Constructive criticism is appreciated; non-constructive criticism will be ignored.
-Brian
Last updated: 1 April 2002
Cass Everitt's paper Order-independent Transparency describes the 'depth peeling' technique implemented with a shadow map texture. A shadow map texture is used because OpenGL only has one Z buffer.
A new function such as glDepthUnit(GLenum unit) where unit is GL_DEPTH_UNIT0, GL_DEPTH_UNIT1, etc. would specify the current depth unit. glDepthFunc(), glDepthMask() and glEnable/Disable(GL_DEPTH_TEST) would modify the current depth unit's attributes. This is much like glActiveTexture(). glClear() would clear all depth/Z buffers (unless GL_DEPTH_MASK is disabled).
Extra GLX/WGL language would be needed to describe visuals with multiple Z buffers.
There are probably uses for this beyond transparency depth peeling.
One might also consider having multiple stencil buffers, more color
buffers (aux buffers), etc.
A cubical shadow map would be omnidirectional and allow shadowing in all directions from a light source.
With 2D shadow mapping, texture coordinates are generated such that the fragment S and T coordinates map onto the shadow projection plane and R becomes the distance from the light source to the current fragment.
With cubical shadow maps the direction from the light source to the fragment would be in S, T and R. The Q component would encode the distance from the light source to the fragment. (S, T, R) would be used to chose one of the six cube map images. Q would be used in the texture compare stage to determine whether the fragment is in or out of shadow.
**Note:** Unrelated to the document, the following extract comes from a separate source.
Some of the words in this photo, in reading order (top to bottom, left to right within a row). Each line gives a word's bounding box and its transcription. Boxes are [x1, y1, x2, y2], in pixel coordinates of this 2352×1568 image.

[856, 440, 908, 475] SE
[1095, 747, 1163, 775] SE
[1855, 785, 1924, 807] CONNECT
Q is tricky though - we don't want the Pythagorean distance from the light source to the fragment. We actually want the distance from the shadow projection plane to the fragment. Recall that when the cube map depth textures are generated the depth values are distances from the projection plane, not the center of the projection.
The texgen stage should be do-able with a vertex program. The shadow comparison stage would have to be extended to allow comparing the texture coordinate Q to the sampled depth texture value.
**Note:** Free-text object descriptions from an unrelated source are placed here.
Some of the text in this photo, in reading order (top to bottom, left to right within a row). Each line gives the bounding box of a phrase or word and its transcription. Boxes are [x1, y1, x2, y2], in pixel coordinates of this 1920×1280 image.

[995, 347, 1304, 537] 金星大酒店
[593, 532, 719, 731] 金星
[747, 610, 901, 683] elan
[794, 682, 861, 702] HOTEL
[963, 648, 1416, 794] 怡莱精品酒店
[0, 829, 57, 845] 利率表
I'm sure someone else has implemented cubical shadow maps before, but
it would be new in OpenGL.
If we had a separate coverage channel, perhaps we could do something
more intelligent with a combined Z test and coverage test and avoid sorting
primitives when we want antialiasing.
Signed and floating point channels would be more useful than just unsigned
integer channels.
If GL_PACK/UNPACK_STRIDE could be negative you could read/draw images in top to bottom order.
Anyone who's implemented image file I/O in an OpenGL application can see how useful that would be.
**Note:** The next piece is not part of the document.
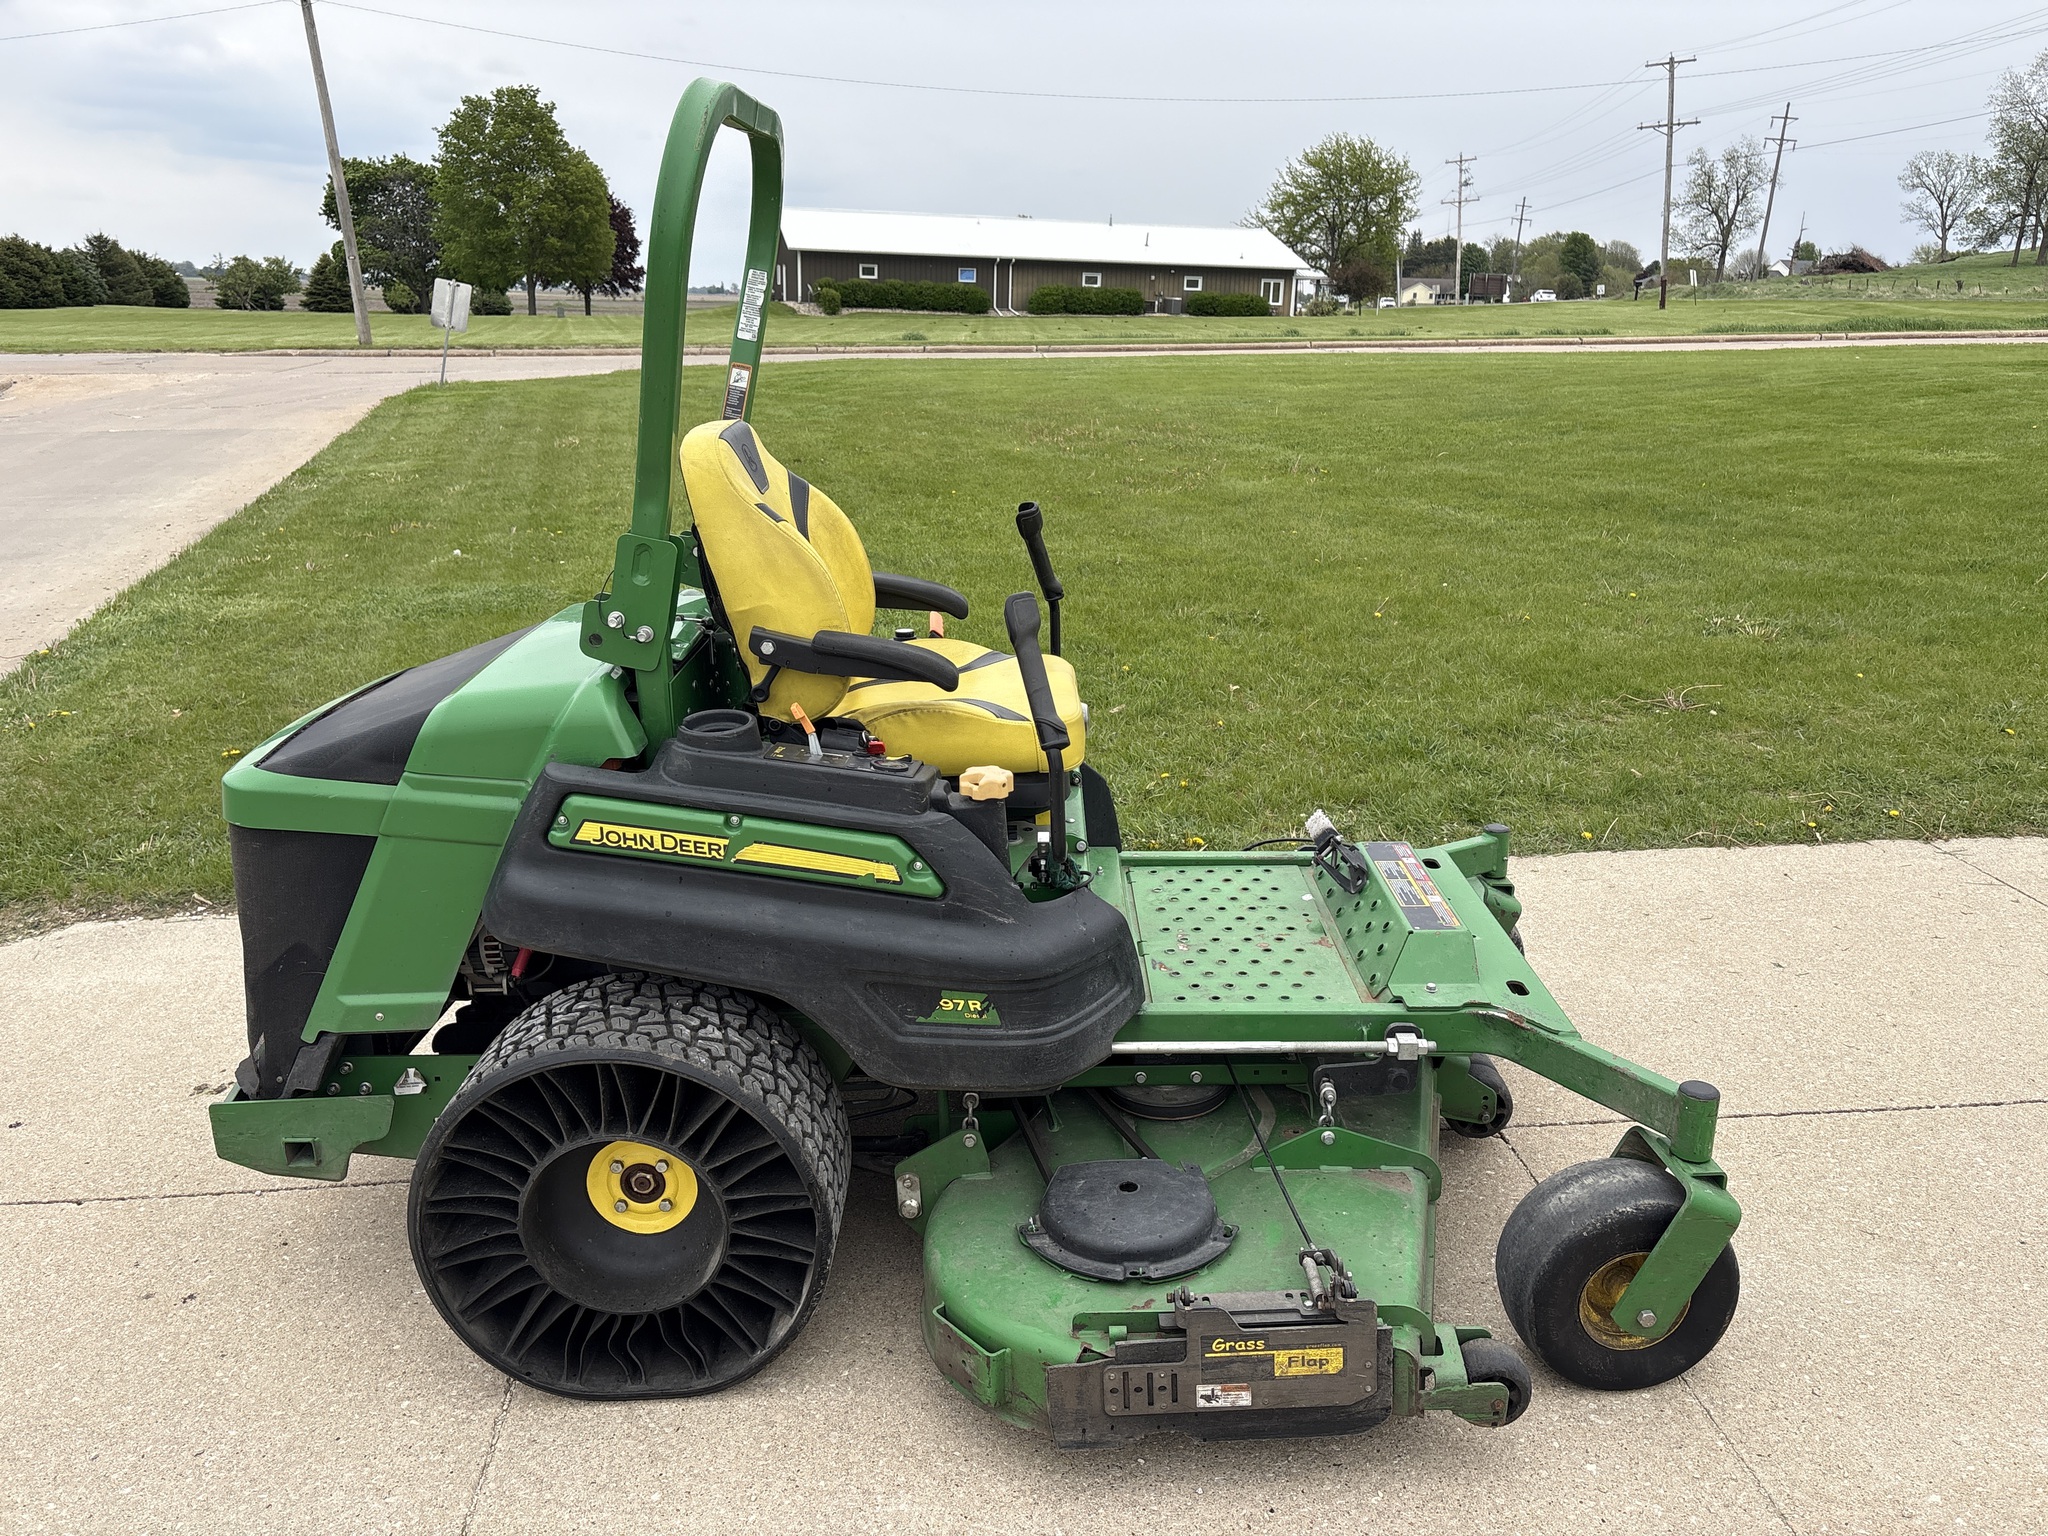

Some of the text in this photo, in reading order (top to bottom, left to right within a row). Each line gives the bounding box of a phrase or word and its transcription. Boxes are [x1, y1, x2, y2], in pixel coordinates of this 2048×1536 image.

[593, 826, 728, 858] JOHN DEER
[937, 999, 982, 1011] 97R
[1211, 1338, 1265, 1351] Grass
[1287, 1355, 1330, 1369] Flap
Perhaps a new pack/unpack attribute such as GL_PACK_TOP_TO_BOTTOM (boolean)
would be better.
AccumRGB = (FrameBuffAlpha * FrameBuffRGB) + ((1 - FrameBuffAlpha) * AccumRGB)Unfortunately, the spec doesn't say how the alpha channel is computed! When I asked, I was told that the alpha channel should be computed as for GL_ACCUM mode. The intended application for this extension is back-to-front compositing of volumetric slices.
The Porter/Duff 'over' operator for image composition is well-known and could easily be implemented as a new glAccum mode. The advantage of doing this with the accumulation buffer is the extended precision it offers; many images could be composited with little degradation of image quality.
The RGB values would be computed as above. The alpha channel would be computed as:
AccumA = FrameBuffAlpha + (1 - FrameBuffAlpha) * AccumAlphaI'll probably implement this in Mesa someday but it probably wouldn't get much use until someone implements it in hardware. Then ISVs like Discreet might make use it.
glDualDrawPixels(GLsizei width, GLsizei height, GLenum colorFormat, GLenum colorType, const GLvoid *colorImage, GLenum depthType, const GLvoid *depthImage)Basically, each generated fragment would take on the color and depth from the given images and we'd process the fragments in the usual manner. Then we could do Z-based image composition in one pass.
One problem is the pixel unpacking parameters. Do we use the same stride and byteswapping attributes for both images or do we add new unpack attributes for the second image?
This function would be immediately useful for the Chromium
project.
glBlendEquationSeparate( GLenum rgbEq, GLenum alphaEq );would allow separate equation operators for the RGB vs alpha channels (ie. add RGB, but subtract alpha).
I'm not sure there are good applications for this though.